Record extracts: Begin

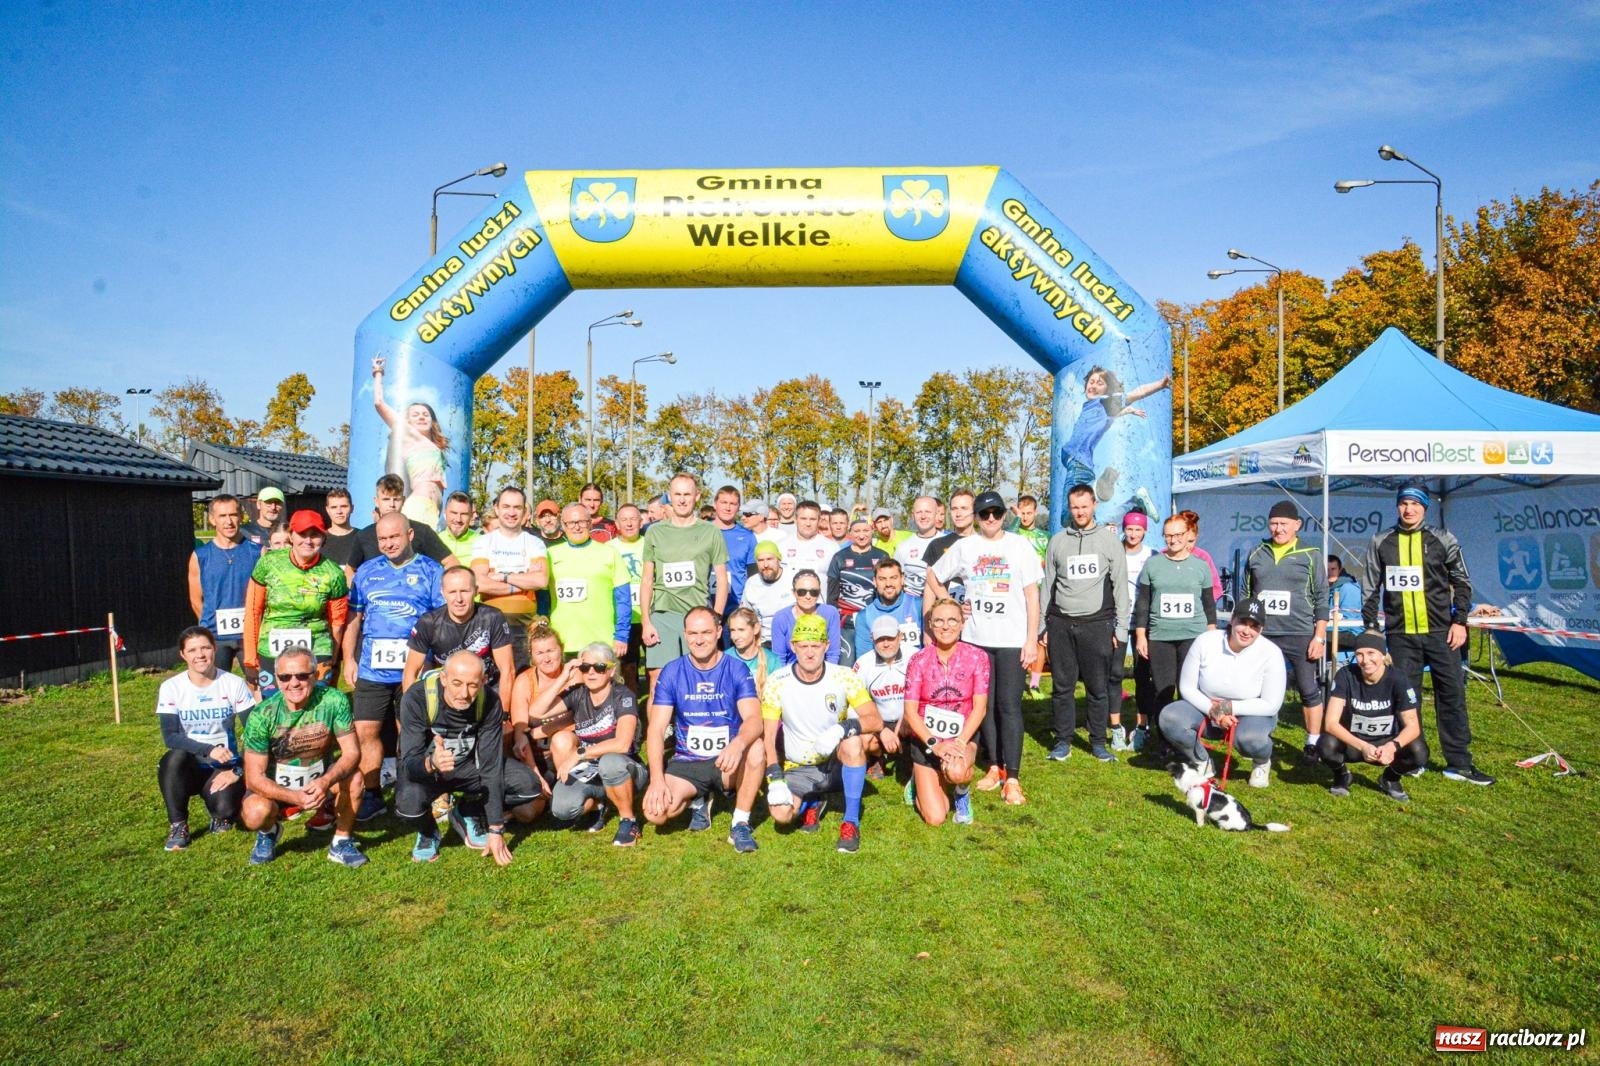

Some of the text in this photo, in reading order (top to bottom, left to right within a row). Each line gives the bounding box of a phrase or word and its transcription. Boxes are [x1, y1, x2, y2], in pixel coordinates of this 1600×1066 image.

[696, 175, 822, 190] Gmina
[686, 222, 831, 247] Wielkie
[390, 200, 522, 321] Gmina ludzi
[1002, 198, 1135, 323] Gmina ludzi
[417, 228, 543, 343] aktywnych
[980, 226, 1106, 344] aktywnych
[1348, 442, 1475, 463] PersonalBest
[1069, 563, 1097, 575] 166
[665, 571, 693, 583] 303
[1388, 575, 1420, 587] 159
[557, 586, 585, 599] 337
[974, 600, 1005, 614] 192
[1162, 602, 1192, 613] 318
[220, 618, 245, 630] 18
[375, 650, 407, 663] 151
[925, 716, 960, 735] 309
[1355, 722, 1391, 732] 157
[690, 737, 726, 751] 305
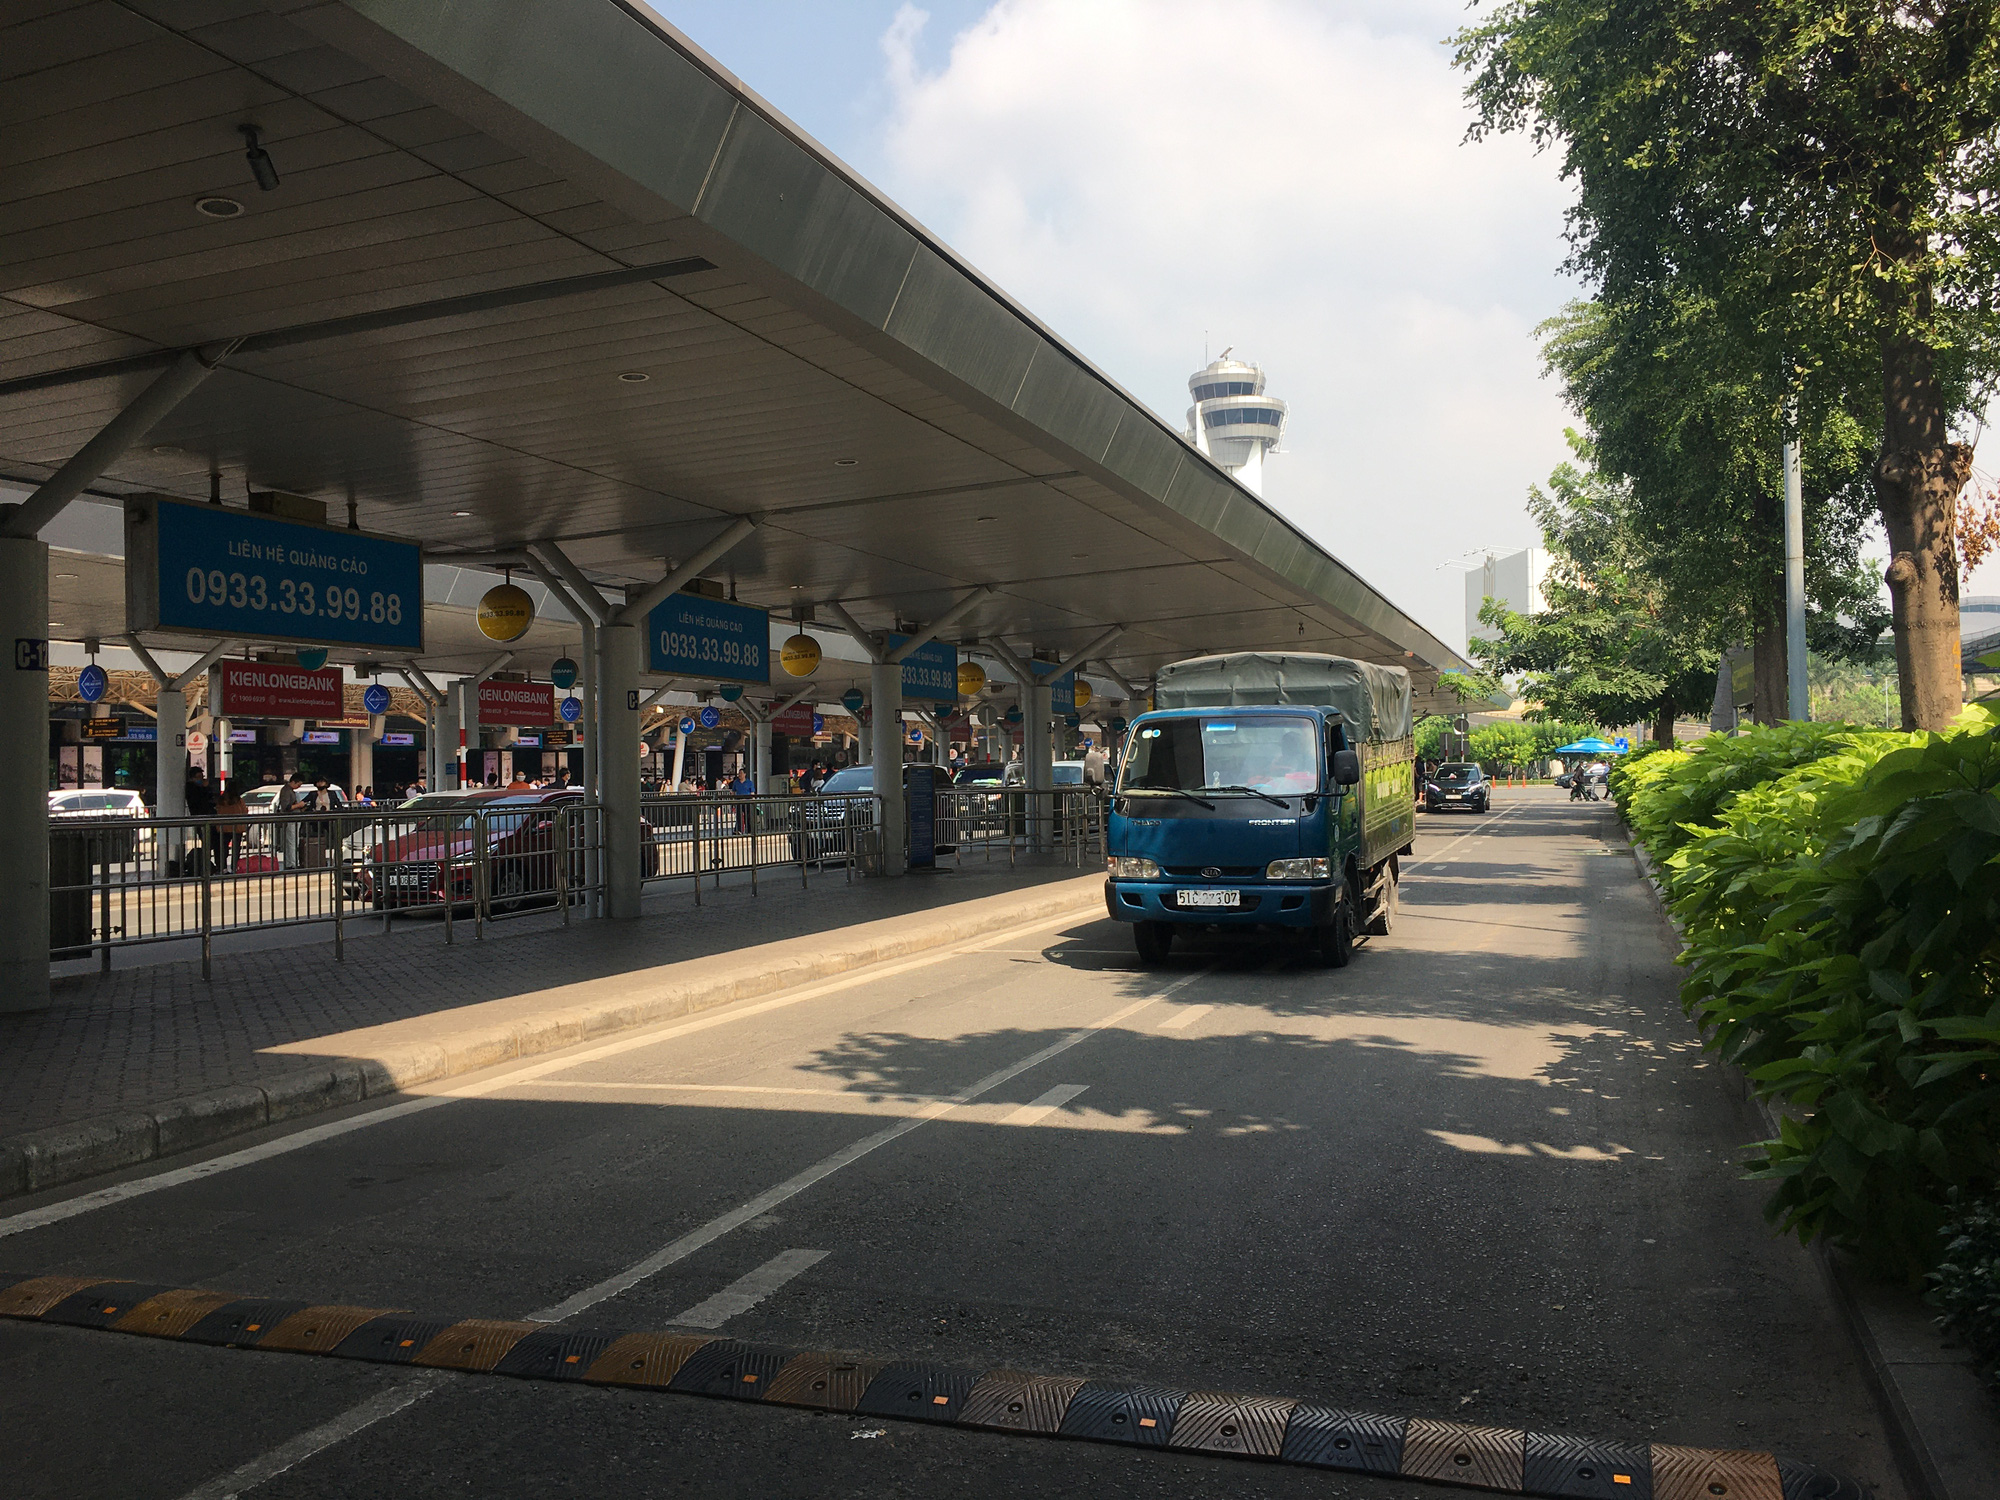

Record extracts: End

-- What is needed --
Where a record holds a picture, leave the picture out and restate the rest word for word.

-- Response area --
Some of the text in this photo, in reading order (top to bottom, left to right within a row). Each line gives the bounding box of a phrase or word and its transcription. Boxes are [x1, y1, x2, y2], in pixel coordinates of this 1600×1066 image.

[696, 175, 822, 190] Gmina
[686, 222, 831, 247] Wielkie
[390, 200, 522, 321] Gmina ludzi
[1002, 198, 1135, 323] Gmina ludzi
[417, 228, 543, 343] aktywnych
[980, 226, 1106, 344] aktywnych
[1348, 442, 1475, 463] PersonalBest
[1069, 563, 1097, 575] 166
[665, 571, 693, 583] 303
[1388, 575, 1420, 587] 159
[557, 586, 585, 599] 337
[974, 600, 1005, 614] 192
[1162, 602, 1192, 613] 318
[220, 618, 245, 630] 18
[375, 650, 407, 663] 151
[925, 716, 960, 735] 309
[1355, 722, 1391, 732] 157
[690, 737, 726, 751] 305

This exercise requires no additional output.